José Manuel Castro, advogado de Mário Machado, afirmou ao SOL que desconhece ainda o motivo pelo qual o líder skinhead foi esta tarde detido e conduzido à Direcção Central de Combate ao Banditismo da Polícia Judiciária.
«Fomos apanhados de surpresa, não estávamos à espera disto», acrescentou o advogado, que denuncia a «situação inédita» de lhe ter sido barrado o contacto com o seu cliente.
O Correido da Manhã, no entanto, avança que Machado é suspeito de «tentativa de homicídio», citando fontes policiais.

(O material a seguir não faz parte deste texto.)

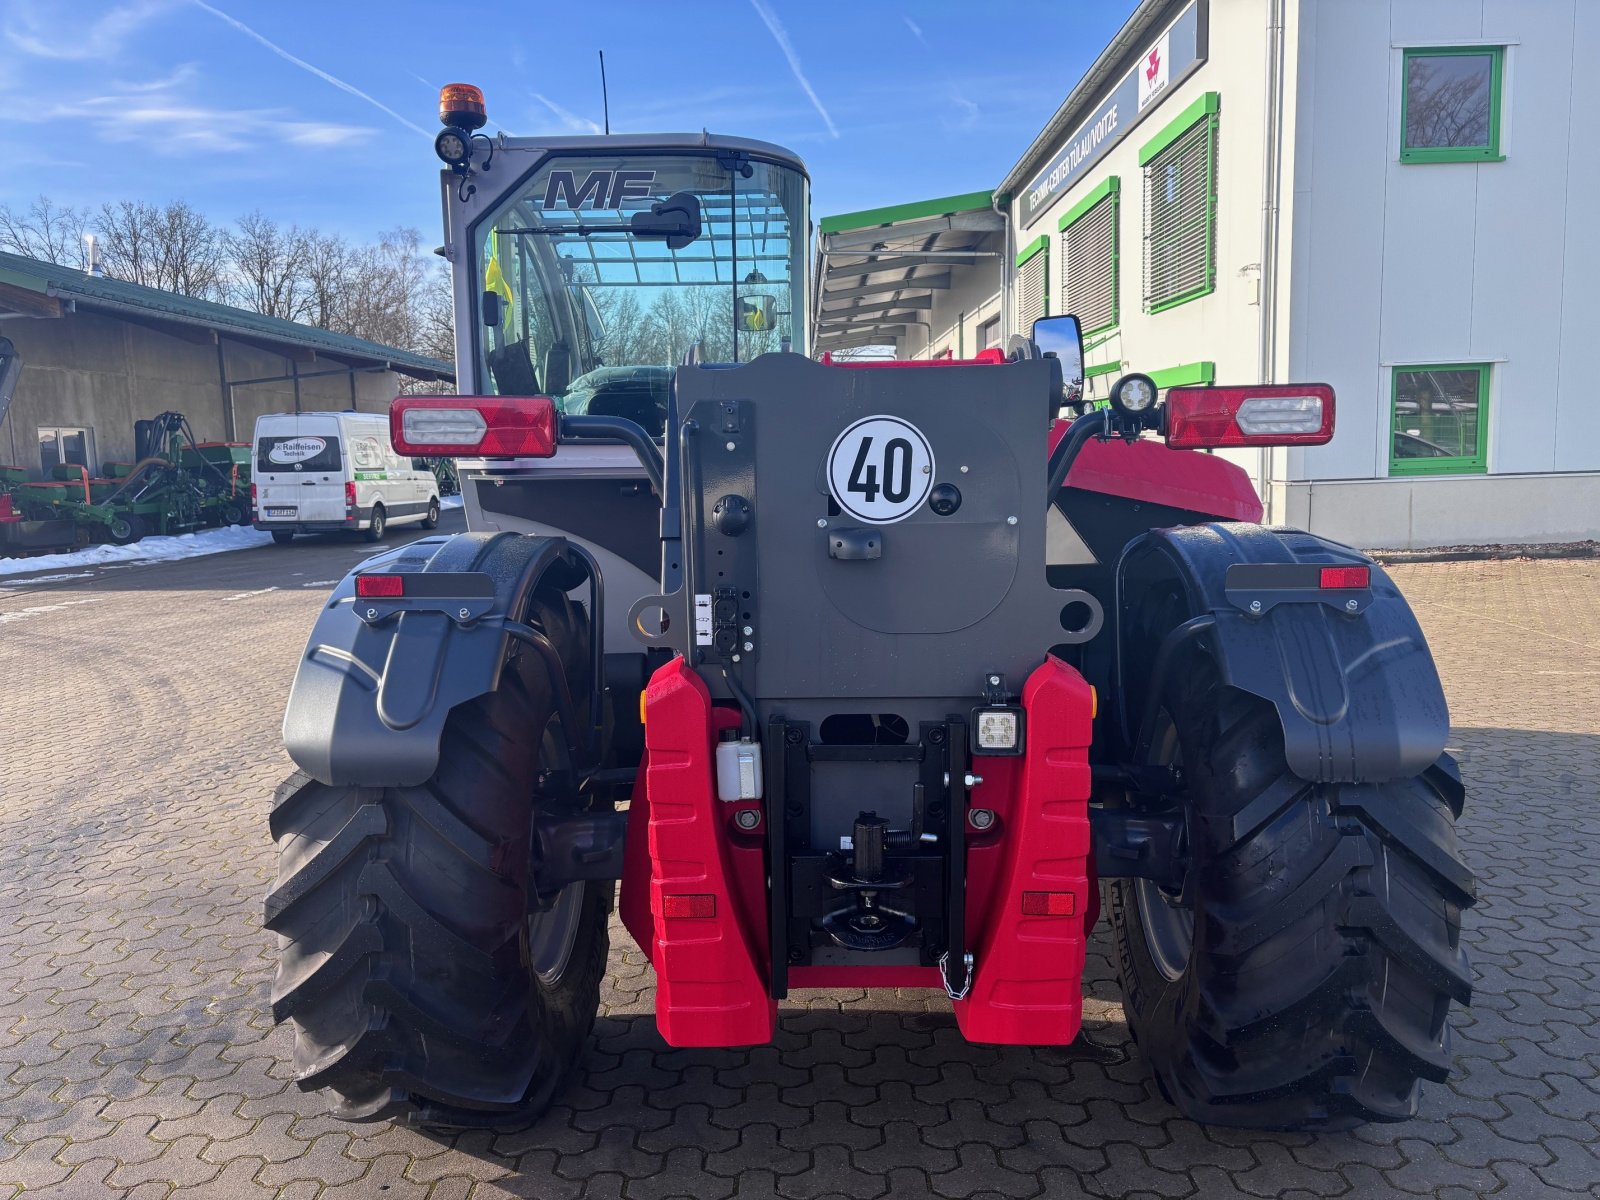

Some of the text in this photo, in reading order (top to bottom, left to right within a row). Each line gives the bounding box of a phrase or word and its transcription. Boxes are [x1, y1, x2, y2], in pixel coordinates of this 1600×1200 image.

Em Outubro de 2008, Machado foi condenado por crimes de coacção agravada, discriminação racial, detenção de arma ilegal, ameaça, dano e ofensa à integridade física agravada no chamado processo dos skinheads. Machado foi condenado a quatro anos de prisão efectiva, tendo recorrido da sentença.
Em processo separado, Machado enfrenta ainda uma acusação de ameaça, coacção e difamação contra a procuradora Cândida Vilar, cujo julgamento está marcado para 5 de Maio, no tribunal da Boa-Hora, em Lisboa
Mário Machado vai ser julgado por um texto da sua autoria, no qual pede aos «companheiros» para não esquecerem o rosto da «nova inquisição», referindo-se à procuradora Cândida Vilar.
Em declarações anteriores ao SOL, o advogado de Mário Machado considerou que «o texto em si não contém nenhum tipo de alusão e incitamento à violência». A Justiça «tem casos muito mais graves para julgar», concluiu José Manuel Castro.